Williams, who thanked prosecutors and investigators with the Public Corruption Task Force for their “tenacity and fearless search for the truth,” noted that his office is not content to “sit back and allow corruption to continue in Philadelphia.”
“I am proud of this office,” he stated. “For a long time it appeared that these types of cases would not be investigated nor prosecuted, but that is no longer the case.
“We will no longer abdicate our responsibility to investigate and prosecute corruption to other authorities,” Williams continued. “This grand jury, the District Attorneys Office of Philadelphia, and the good people of the City are no longer contented with political corruption.”
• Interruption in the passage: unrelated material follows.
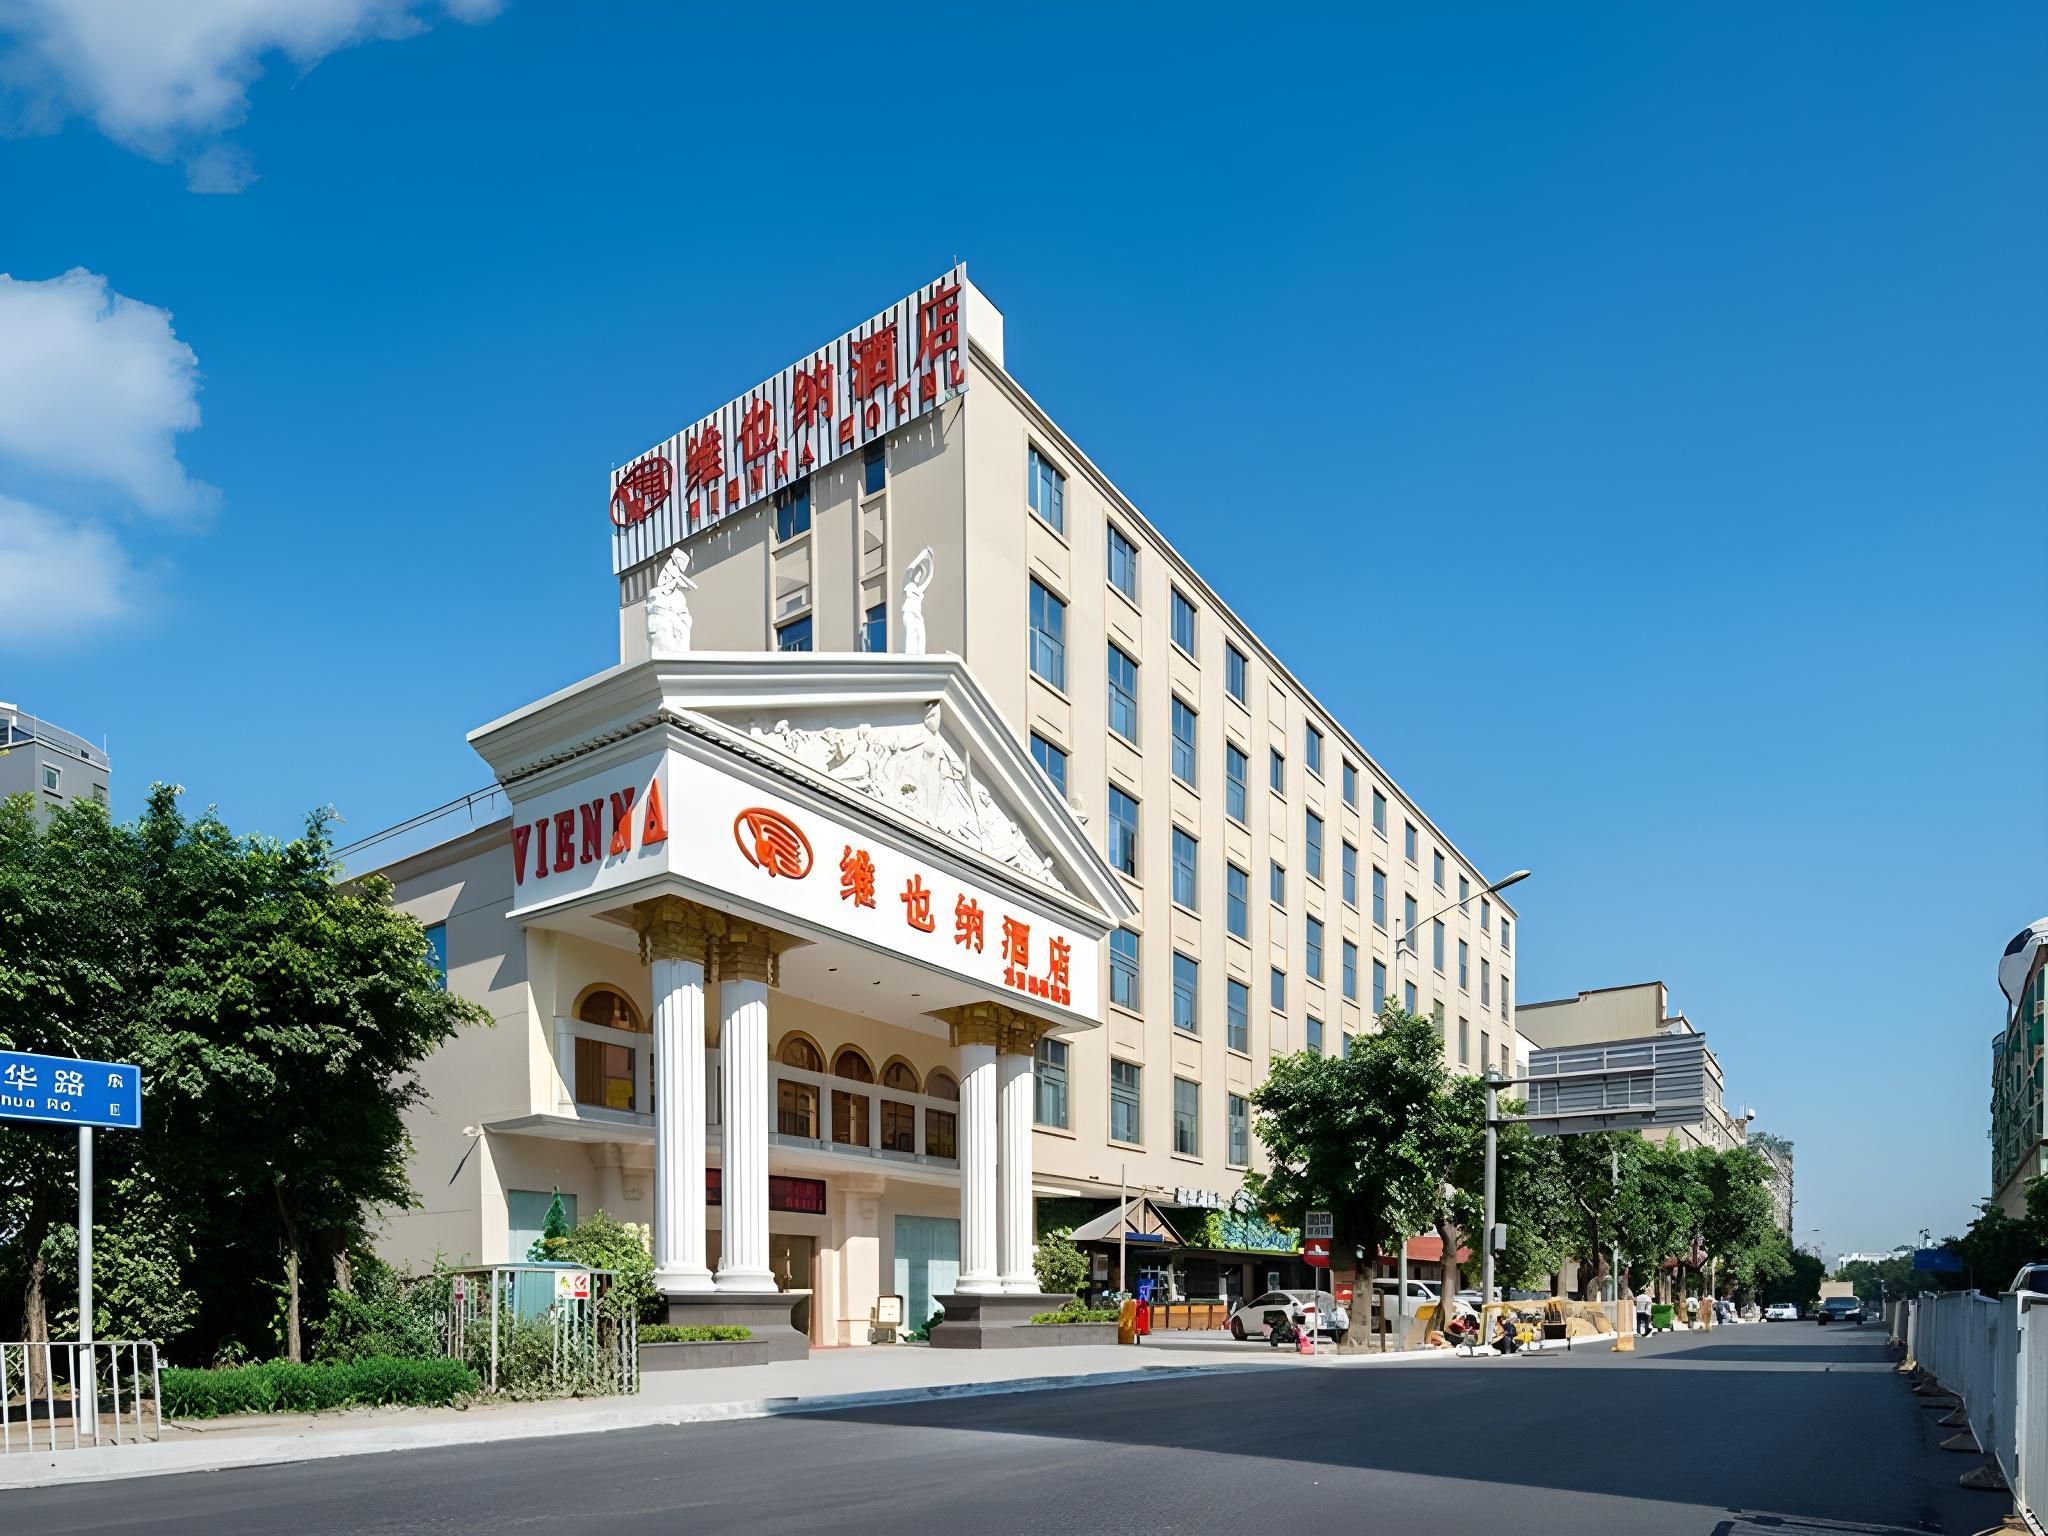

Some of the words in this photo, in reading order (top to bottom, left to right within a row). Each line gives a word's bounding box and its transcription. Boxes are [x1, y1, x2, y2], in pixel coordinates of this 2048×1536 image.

Williams reportedly said this case was the first time in recent memory that the city district attorney, and not state authorities, took the lead on such an investigation.
“In the future we will continue to work with the U.S. Attorney and the Pennsylvania Attorney General when appropriate, but we will not be afraid to try these cases ourselves,” Williams reportedly said during the media event.
Williams also thanked the Pennsylvania State Police for its assistance in the investigation and the House Democratic Caucus for its cooperation in the matter.
Miranda, 34, and Wilson, 28, his sister, were expected to surrender to authorities within the next couple of days.
Wilson was also charged with conflict of interest, perjury and criminal conspiracy for her alleged role in the scheme.
The charges against the lawmaker and his sister are felonies that could land them a lengthy term of imprisonment plus a hefty fine.
Miranda was first elected in November 2012 to represent a legislative district that covers portions of north and northwest Philadelphia, according to a professional biography.
He has served as a community liaison for Philadelphia City Council President Darrell Clarke, and as a spokesman and community liaison on economic issues for State Sen. Shirley M. Kitchen, a fellow Philadelphia Democrat.
Miranda is known for being one of the youngest members of the state House.